### GOAL OF THE EXERCISE
Nothing is to be left out; print all the entries exactly.

[Text-to-region grounding data]
· · · · · · ·

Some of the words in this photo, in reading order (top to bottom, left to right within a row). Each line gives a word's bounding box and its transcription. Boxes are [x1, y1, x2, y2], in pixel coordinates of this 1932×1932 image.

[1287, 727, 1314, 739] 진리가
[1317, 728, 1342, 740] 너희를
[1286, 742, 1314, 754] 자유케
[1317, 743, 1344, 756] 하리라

· · · · · · ·

### RESPONSE BOX
Some of the words in this photo, in reading order (top to bottom, left to right within a row). Each line gives a word's bounding box and its transcription. Boxes are [x1, y1, x2, y2], in pixel coordinates of this 1932×1932 image.

[1287, 727, 1314, 739] 진리가
[1317, 728, 1342, 740] 너희를
[1286, 742, 1314, 754] 자유케
[1317, 743, 1344, 756] 하리라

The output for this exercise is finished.